The Preferred Stock has price protection provisions in the case that the Company issues any shares of stock not pursuant to an “Exempt Issuance” at a price below the Conversion Price. Exempt Issuances include: (i) shares of Common Stock or common stock equivalents issued pursuant to the Merger or any funding contemplated by the Merger; (ii) any common stock or convertible securities outstanding as of the date of closing; (iii) common stock or common stock equivalents issued in connection with strategic acquisitions; (iv) shares of common stock or equivalents issued to employees, directors or consultants pursuant to a plan, subject to limitations in amount and price; and (v) other similar transactions. The Certificate of Designation contains restrictive covenants not to incur certain debt, repurchase shares of common stock, pay dividends or enter into certain transactions with affiliates without consent of holders of 67% of the Preferred Stock.

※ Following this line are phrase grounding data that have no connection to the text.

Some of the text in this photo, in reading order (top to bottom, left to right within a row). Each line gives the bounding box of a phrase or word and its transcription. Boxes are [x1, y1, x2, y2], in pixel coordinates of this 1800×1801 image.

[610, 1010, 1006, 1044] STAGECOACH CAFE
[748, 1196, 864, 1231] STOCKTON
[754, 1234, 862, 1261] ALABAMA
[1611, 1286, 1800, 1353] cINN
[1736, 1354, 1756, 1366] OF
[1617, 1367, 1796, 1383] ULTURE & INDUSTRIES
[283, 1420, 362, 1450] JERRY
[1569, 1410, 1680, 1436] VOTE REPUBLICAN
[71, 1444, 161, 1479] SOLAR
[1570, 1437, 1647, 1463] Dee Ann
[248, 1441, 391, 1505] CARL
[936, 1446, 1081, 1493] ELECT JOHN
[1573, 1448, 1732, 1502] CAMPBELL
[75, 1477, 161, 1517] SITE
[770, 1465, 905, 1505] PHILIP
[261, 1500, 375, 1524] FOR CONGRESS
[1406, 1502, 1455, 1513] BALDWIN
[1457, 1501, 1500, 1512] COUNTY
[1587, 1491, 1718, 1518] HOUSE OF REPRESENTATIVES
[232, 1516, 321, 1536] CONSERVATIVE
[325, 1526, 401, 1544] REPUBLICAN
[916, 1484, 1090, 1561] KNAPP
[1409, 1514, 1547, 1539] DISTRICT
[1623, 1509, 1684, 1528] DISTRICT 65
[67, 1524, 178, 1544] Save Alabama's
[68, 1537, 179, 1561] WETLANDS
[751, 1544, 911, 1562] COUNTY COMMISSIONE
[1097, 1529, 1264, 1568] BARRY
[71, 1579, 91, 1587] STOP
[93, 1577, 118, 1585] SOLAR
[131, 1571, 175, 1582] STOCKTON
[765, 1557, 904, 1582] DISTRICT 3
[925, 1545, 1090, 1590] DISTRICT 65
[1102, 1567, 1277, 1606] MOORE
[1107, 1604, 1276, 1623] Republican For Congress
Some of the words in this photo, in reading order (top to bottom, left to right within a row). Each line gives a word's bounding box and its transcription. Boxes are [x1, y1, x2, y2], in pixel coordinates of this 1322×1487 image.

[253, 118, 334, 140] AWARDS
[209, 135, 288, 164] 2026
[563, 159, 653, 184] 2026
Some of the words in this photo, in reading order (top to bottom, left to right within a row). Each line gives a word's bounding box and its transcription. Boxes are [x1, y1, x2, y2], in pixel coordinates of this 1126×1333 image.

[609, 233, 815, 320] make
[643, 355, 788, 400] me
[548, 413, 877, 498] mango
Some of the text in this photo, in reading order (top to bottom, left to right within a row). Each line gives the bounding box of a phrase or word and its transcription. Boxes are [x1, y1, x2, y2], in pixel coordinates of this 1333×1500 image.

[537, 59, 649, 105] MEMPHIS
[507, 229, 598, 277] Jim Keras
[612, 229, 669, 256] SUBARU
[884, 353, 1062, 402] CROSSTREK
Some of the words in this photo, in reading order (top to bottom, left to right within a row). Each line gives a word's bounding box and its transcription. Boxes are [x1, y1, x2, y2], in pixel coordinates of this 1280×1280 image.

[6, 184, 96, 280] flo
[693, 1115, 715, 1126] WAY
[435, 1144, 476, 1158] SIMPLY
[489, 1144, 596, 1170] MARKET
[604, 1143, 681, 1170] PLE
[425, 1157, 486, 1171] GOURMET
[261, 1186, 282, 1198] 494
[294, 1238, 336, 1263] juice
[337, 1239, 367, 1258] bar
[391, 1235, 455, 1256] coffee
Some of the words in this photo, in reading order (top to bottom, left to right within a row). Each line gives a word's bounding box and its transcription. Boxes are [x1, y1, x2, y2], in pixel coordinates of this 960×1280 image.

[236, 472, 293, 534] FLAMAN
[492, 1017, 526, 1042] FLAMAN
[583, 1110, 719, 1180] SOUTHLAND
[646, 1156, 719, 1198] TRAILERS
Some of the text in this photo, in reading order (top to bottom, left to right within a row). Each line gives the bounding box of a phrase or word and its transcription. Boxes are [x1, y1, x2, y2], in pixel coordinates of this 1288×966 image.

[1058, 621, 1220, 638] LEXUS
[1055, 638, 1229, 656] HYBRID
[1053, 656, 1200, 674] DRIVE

The unconverted shares of Preferred Stock must be redeemed in two years from issuance.

 

Management has determined that the Preferred Stock is more akin to a debt security than equity primarily because it contains a mandatory 2-year redemption at the option of the holder, which only occurs if the Preferred Stock is not converted to common stock. Therefore, management has presented the Preferred Stock outside of permanent equity as mezzanine equity, which does not factor in to the totals of either liabilities or equity. The proceeds have been allocated between the three features of the stock offering: the embedded conversion feature in the Preferred Stock, the warrants, and the Preferred Stock itself. The fair values of the embedded conversion feature and warrants were recorded as a discount against the stated value of the Preferred Stock on the date of issuance. This discount is amortized to interest expense over the term of the redemption period (2 years), which will result in the accretion of the Preferred Stock to its full redemption value. Unamortized discount as of March 31, 2017 and December 31, 2016 was $91,556 and $126,217, respectively. Interest expense related to the preferred stock discount for the three months ended March 31, 2017 and 2016 was $34,661 and $33,600, respectively.

 

The Preferred Stock also carries a 6% per annum dividend calculated on the stated value of the stock and is cumulative and payable quarterly beginning July 1, 2016. These dividends are accrued at each reporting period. They add to the redemption value of the stock; however, as the Company shows an accumulated deficit, the charge has been recognized in additional paid-in capital. The Company has accrued but not paid these dividends beginning July 1, 2016.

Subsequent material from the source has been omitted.